* **Raw data**:
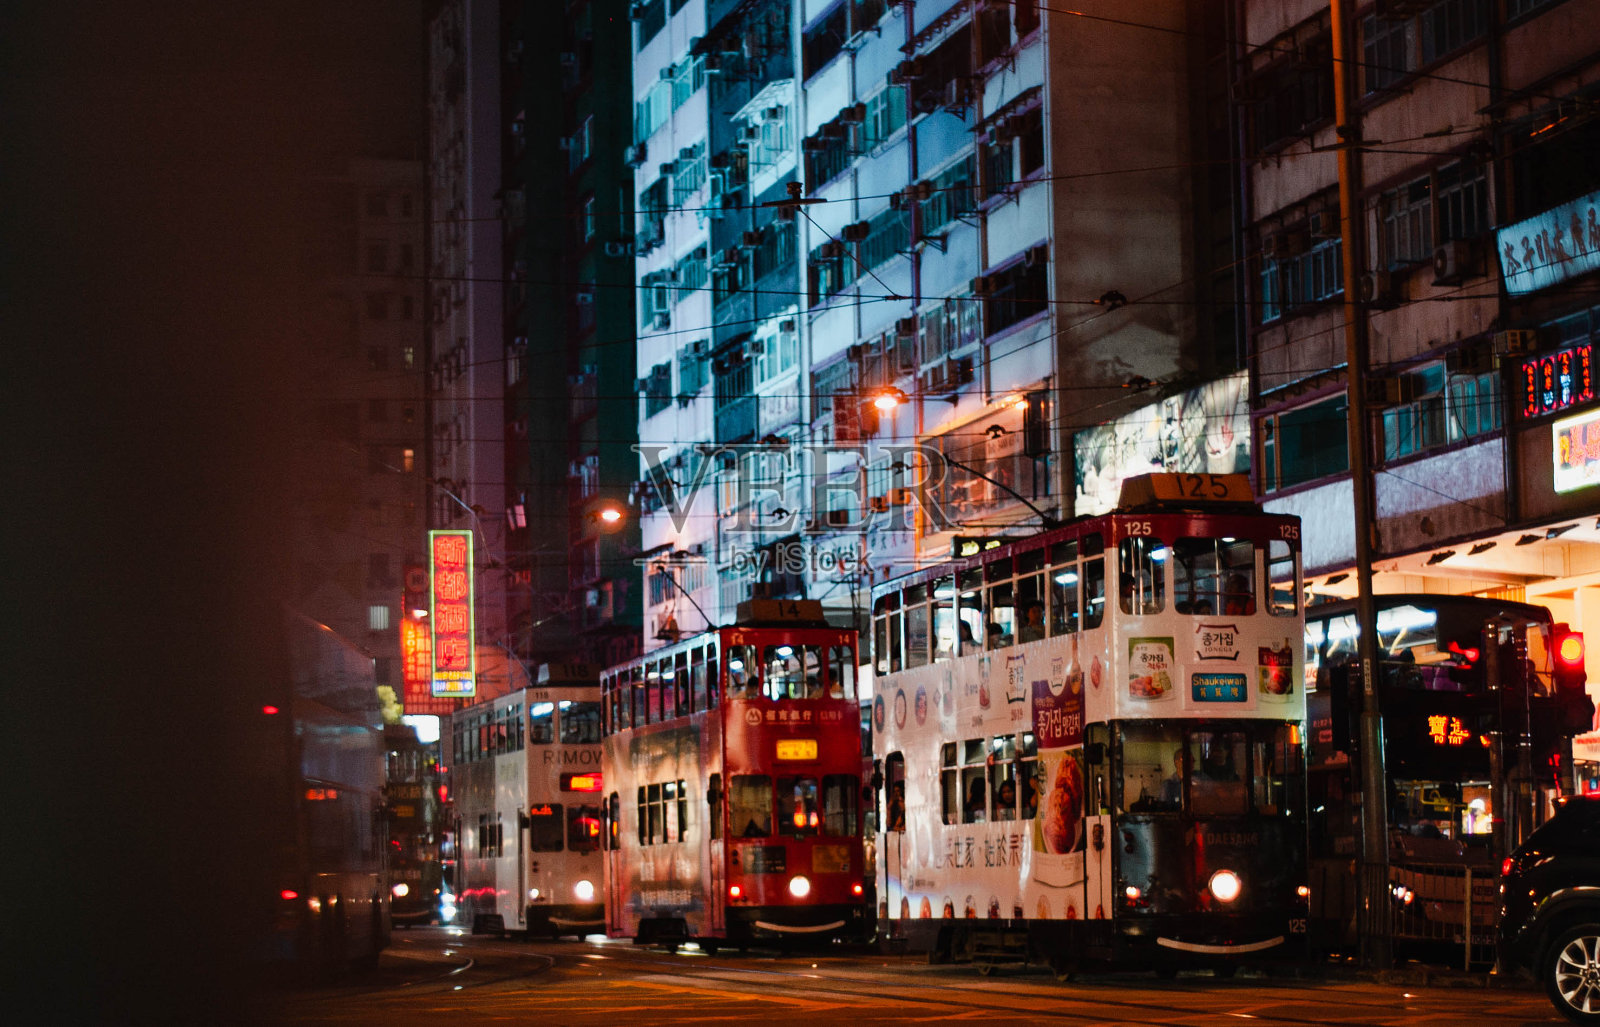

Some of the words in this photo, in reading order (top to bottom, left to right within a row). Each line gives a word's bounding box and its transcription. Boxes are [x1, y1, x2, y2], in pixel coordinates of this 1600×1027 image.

[1175, 475, 1229, 499] 125
[1125, 521, 1152, 536] 125
[1279, 524, 1299, 539] 125
[778, 602, 801, 617] 14
[730, 632, 745, 645] 14
[838, 634, 850, 644] 14
[1202, 632, 1234, 647] 종가집
[562, 664, 589, 678] 118
[1192, 677, 1245, 686] Shaukeiwan
[1038, 708, 1062, 740] 종가집
[1434, 735, 1444, 743] PO
[1448, 735, 1463, 744] TAT
[1288, 919, 1306, 933] 125
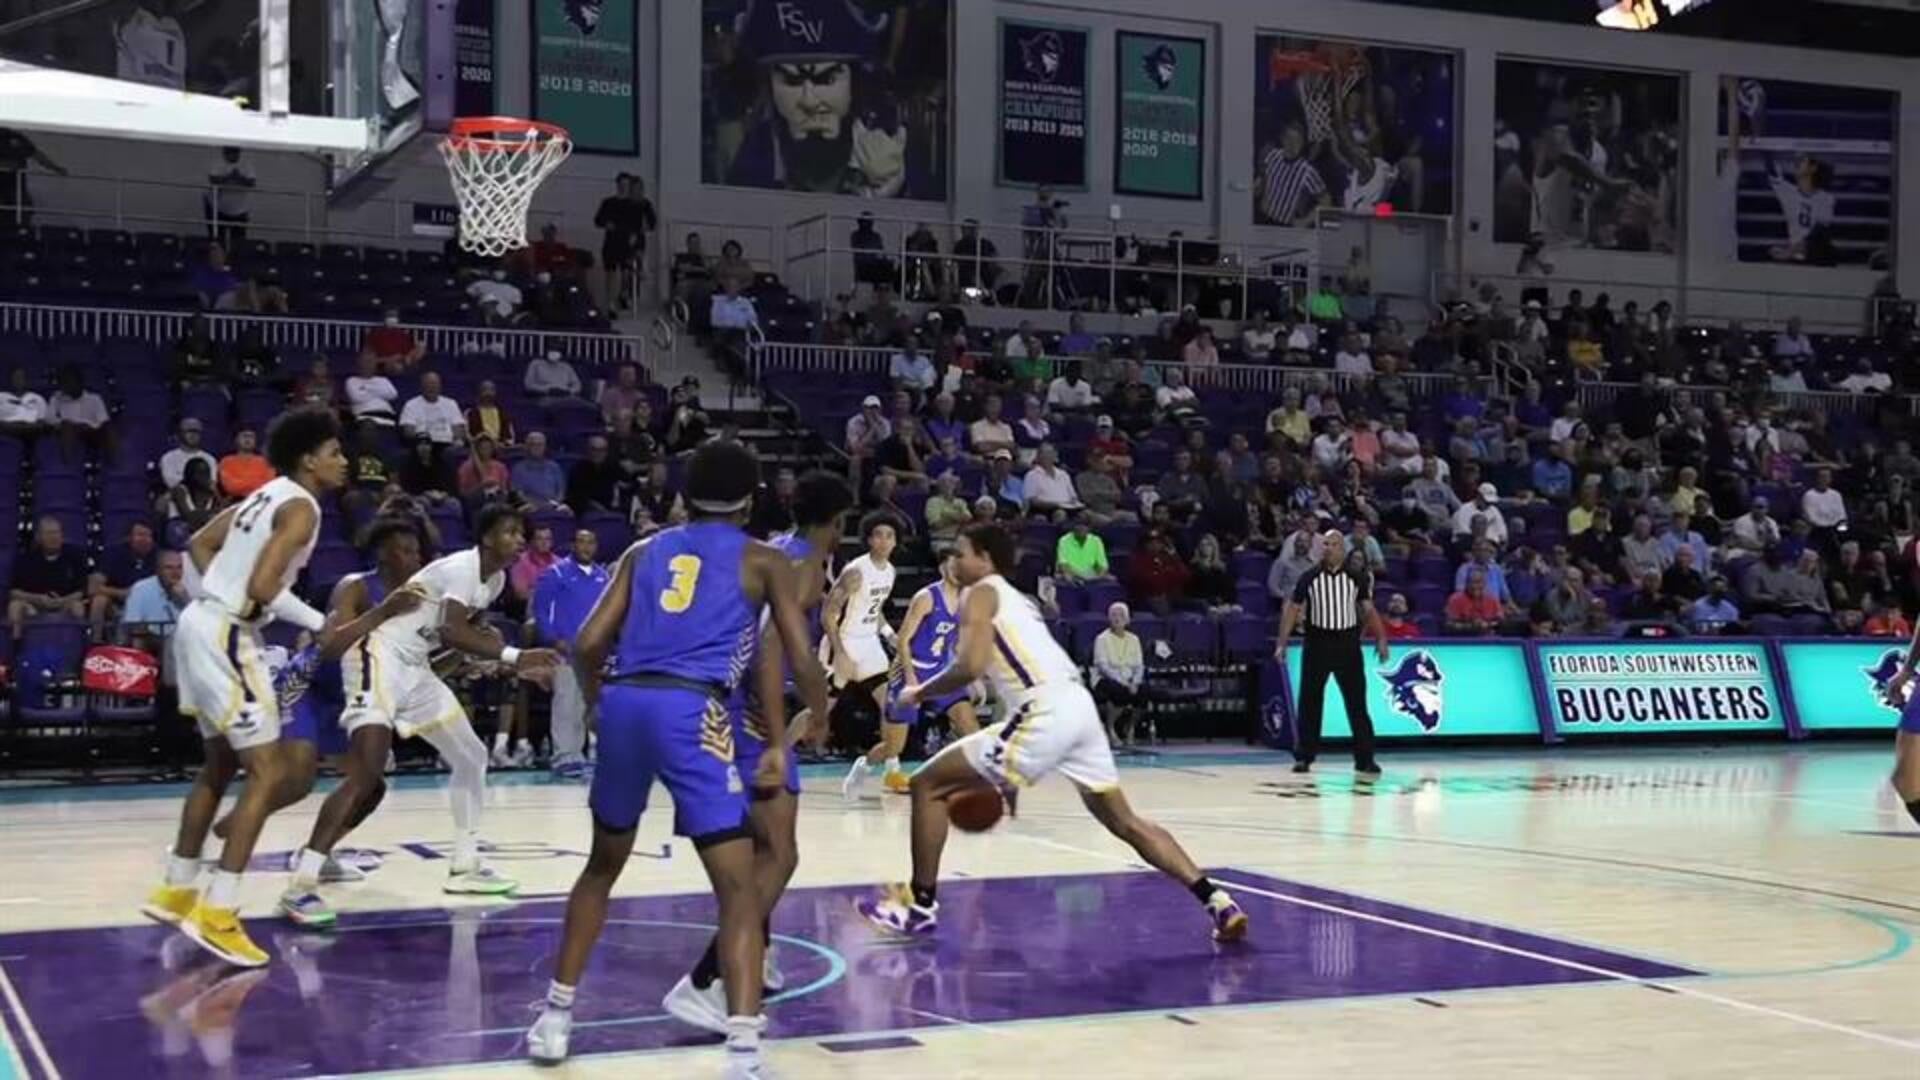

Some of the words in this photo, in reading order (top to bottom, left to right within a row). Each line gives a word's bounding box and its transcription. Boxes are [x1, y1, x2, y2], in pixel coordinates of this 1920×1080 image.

[776, 2, 824, 43] FSW
[660, 554, 701, 613] 3
[931, 636, 946, 657] 4
[1550, 655, 1620, 673] FLORIDA
[1625, 653, 1760, 672] SOUTHWESTERN
[1556, 686, 1771, 723] BUCCANEERS

* **Exercise brief**:
Drop the images and quote the entries word for word.

* **Completed task**:
Some of the words in this photo, in reading order (top to bottom, left to right within a row). Each line gives a word's bounding box and its transcription. Boxes are [x1, y1, x2, y2], in pixel coordinates of this 1600×1027 image.

[1175, 475, 1229, 499] 125
[1125, 521, 1152, 536] 125
[1279, 524, 1299, 539] 125
[778, 602, 801, 617] 14
[730, 632, 745, 645] 14
[838, 634, 850, 644] 14
[1202, 632, 1234, 647] 종가집
[562, 664, 589, 678] 118
[1192, 677, 1245, 686] Shaukeiwan
[1038, 708, 1062, 740] 종가집
[1434, 735, 1444, 743] PO
[1448, 735, 1463, 744] TAT
[1288, 919, 1306, 933] 125

Some of the words in this photo, in reading order (top to bottom, left to right within a row). Each line gives a word's bounding box and its transcription. Boxes are [x1, y1, x2, y2], in pixel coordinates of this 1920×1080 image.

[776, 2, 824, 43] FSW
[660, 554, 701, 613] 3
[931, 636, 946, 657] 4
[1550, 655, 1620, 673] FLORIDA
[1625, 653, 1760, 672] SOUTHWESTERN
[1556, 686, 1771, 723] BUCCANEERS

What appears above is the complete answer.